Q: I have an erection when watching porn, but I don’t have it when I’m with a partner. Is that normal?
It’s very normal to get an erection while watching porn and not with your partner because they’re two totally different animals. When you are watching porn, you are in the privacy of your own space. You have nobody else to take care of or please. It’s all about your own desire, your own needs; there are no distractions, and there’s no pressure. So that’s very different from being in front of a real-life human who has wants, needs, desires. And there’s the whole interactive element of it, where it’s not just about you. It’s about the two of you, and it’s a very different animal.
Q: I have an erection, but then after two minutes, it stops. What’s going on?

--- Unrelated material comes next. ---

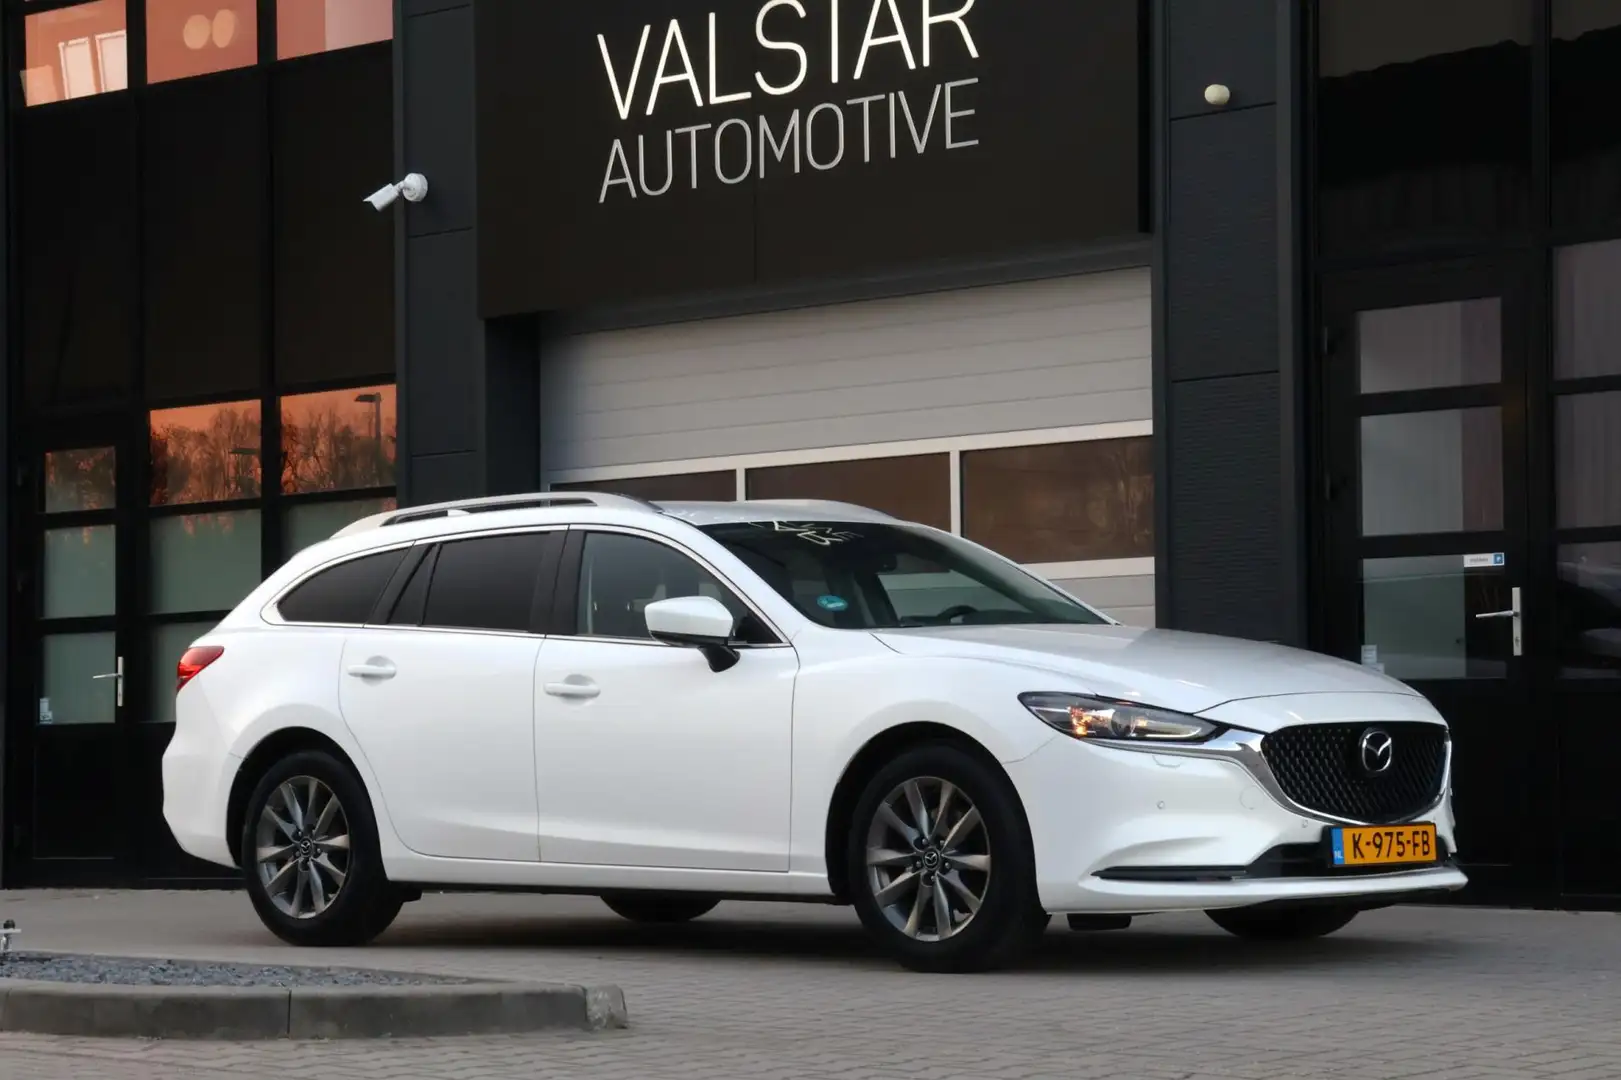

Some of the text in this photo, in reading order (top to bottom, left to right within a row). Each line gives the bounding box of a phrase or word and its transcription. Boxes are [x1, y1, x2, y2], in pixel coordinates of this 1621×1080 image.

The erections are kind of like the tide — they come and they go, they come and they go. And so, it’s really important to bear this in mind because a lot of men get freaked out when they have an erection and then they lose it, and then they assume that it is gone forever. So, just be patient, be calm, and it can come back, and if you freak out, it won’t come back.
So, the most important part is to stay calm. Go back to whatever feels good. Keep doing that, and if you’re calm and relaxed and enjoying yourself, it will come back.
Q: How do I know if my ED is physiological or psychological?
The best litmus test for checking if it’s psychological or physical is sort of the masturbation test. If you have trouble getting or maintaining an erection while you’re masturbating, then there’s a high likelihood that something is wrong physiologically. Whereas if you have no problem getting or maintaining an erection when you’re masturbating, but you do with a partner, then it’s more likely that the variable causing the issue is the interaction between you and your partner in some way. Not that it’s their fault per se but more just the interaction of having another person there, the performance anxiety, etc.